Under the Religious Freedom Restoration Act,
(a) In general
Government shall not substantially burden a person’s exercise of religion even if the burden results from a rule of general applicability, except as provided in subsection (b) of this section.
(b) Exception
Government may substantially burden a person’s exercise of religion only if it demonstrates that application of the burden to the person—
(1) is in furtherance of a compelling governmental interest; and
(2) is the least restrictive means of furthering that compelling governmental interest.
42 USC sec. 2000bb-1
The literal languate of this section would appear to mean that pacifists who hold religious objections to war or to supporting war, should be exempt from paying federal income taxes, or at the very least that portion of taxes representing the defense budget's share of the total federal budget.
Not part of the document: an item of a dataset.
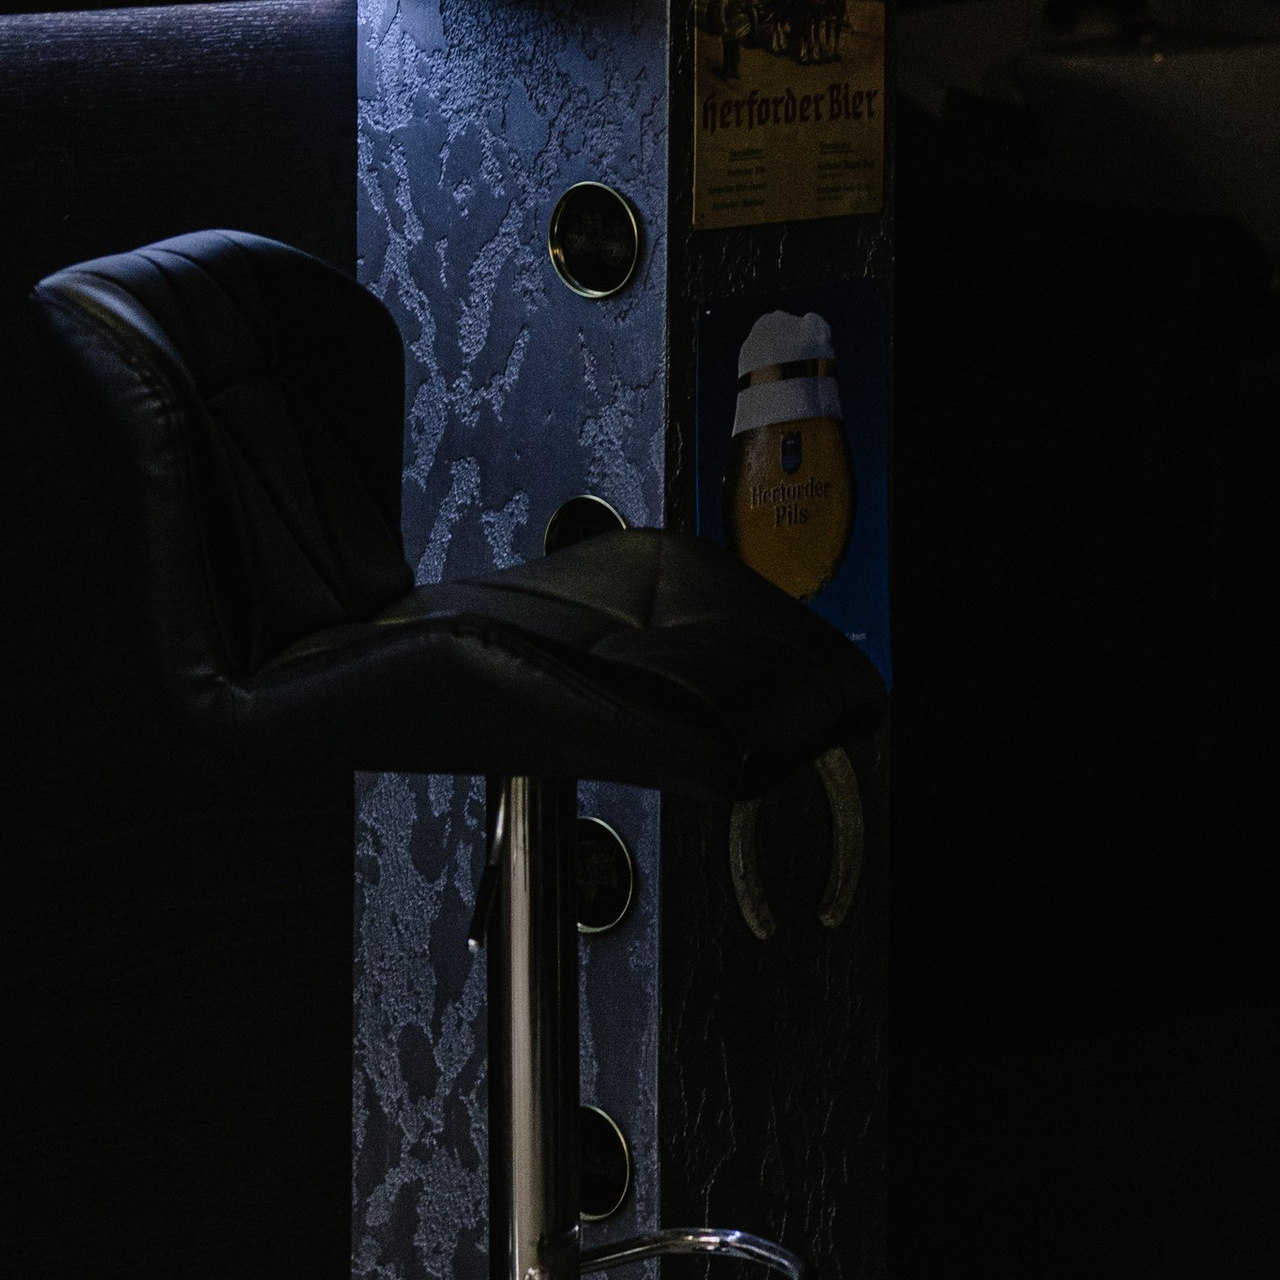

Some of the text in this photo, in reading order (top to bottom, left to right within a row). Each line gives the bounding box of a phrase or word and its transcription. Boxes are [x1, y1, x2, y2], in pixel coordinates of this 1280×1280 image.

Not surprisingly, however, the courts have held that the federal government's interest in having a uniform income tax system outweighs the religious freedom interests of pacifists in refusing to pay for wars or a military. Adams v. Commissioner of Internal Revenue http://caselaw.findlaw.com/.... (Sorry, but I don't have time to locate the regular citation.)
As the Third Circuit noted in Adams:
Our approach to this particular form of tax challenge under RFRA is consistent with that of the Ninth Circuit Court of Appeals, the only other circuit court to have wrestled with this issue in a similar factual context. In Goehring v. Brophy, a group of college students challenged the collection of student fees under RFRA, as those fees subsidized a health insurance plan that covered abortion services. 94 F.3d 1294, 1297 (9th Cir.1996), cert. denied, 520 U.S. 1156, 117 S.Ct. 1335, 137 L.Ed.2d 495 (1997), overruled by 521 U.S. 507, 117 S.Ct. 2157, 138 L.Ed.2d 624. In analyzing the “least restrictive means” prong of the RFRA test, the court analogized the challenge to university funding to that of free exercise challenges to the government's use of tax dollars. See id. at 1300. The court then looked to Lee as its guide, and found that the fiscal vitality of the university fee system would be undermined if the plaintiffs were exempted from paying their fees on free exercise grounds, as mandatory participation was necessary to ensure the survival of the student health insurance program. See id.
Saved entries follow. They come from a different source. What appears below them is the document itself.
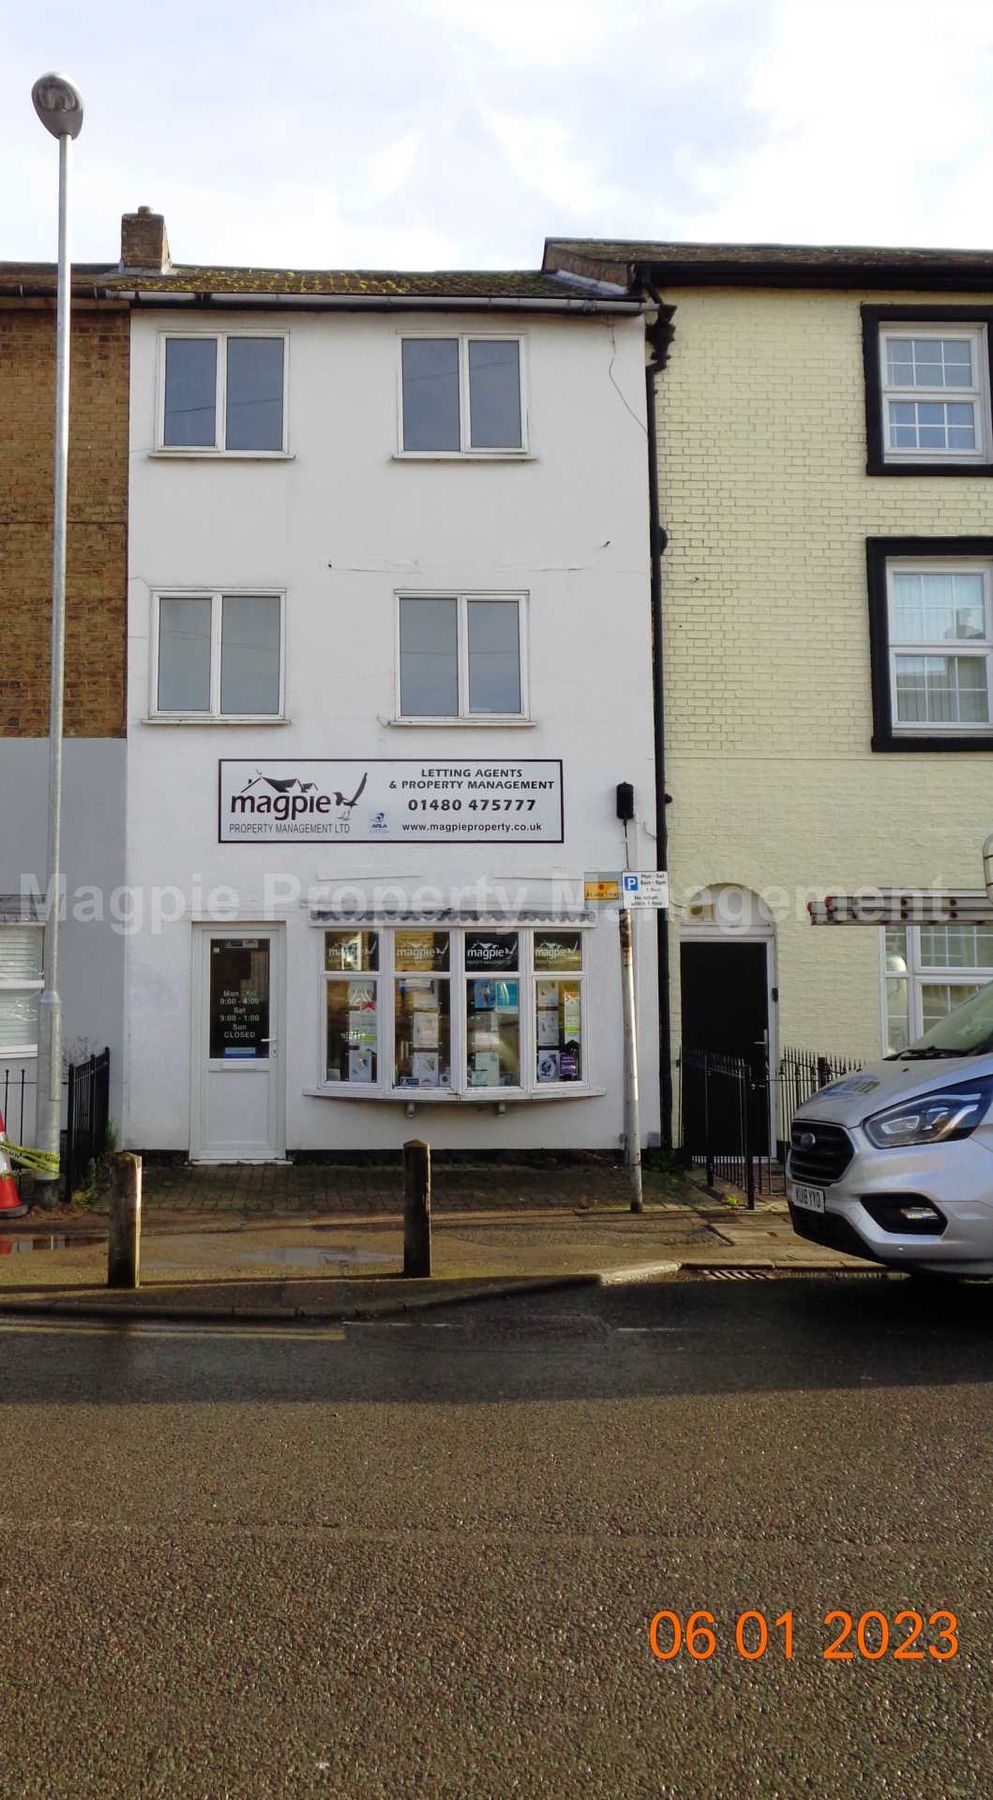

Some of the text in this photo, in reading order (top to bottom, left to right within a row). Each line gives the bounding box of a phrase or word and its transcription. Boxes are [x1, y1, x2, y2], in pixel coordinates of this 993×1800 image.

[421, 769, 523, 777] LETTING AGENTS
[389, 781, 554, 789] & PROPERTY MANAGEMENT
[230, 795, 332, 821] magpie
[408, 799, 536, 811] 01480 475777
[229, 823, 350, 834] PROPERTY MANAGEMENT LTD
[402, 822, 542, 833] www.magpieproperty.co.uk
[627, 878, 636, 889] P
[396, 947, 436, 960] magpie
[467, 948, 505, 960] magpie
The decision in Goehring was overruled not on the substance of the decision, but because the Supreme Court later found that the Religious Freedom Restoration Act was unconstitutional as applied to units of state and local government, such as a state university. The parallels between the factual situation in Goehring and those in the present case are sufficiently obvious that they need not be elaborated upon.
I wish I could say that the Judge who decided this case was a Republican appointee. Unfortunately, he's not. He's a Carter appointee, and I've got to say that while Jimmy Carter appointed some excellent judges, when I've come across a federal judge, appointed by a Democratic President, who seemed not to be up to the standard one hopes for from the federal bench, they've more often than not been Carter appointees.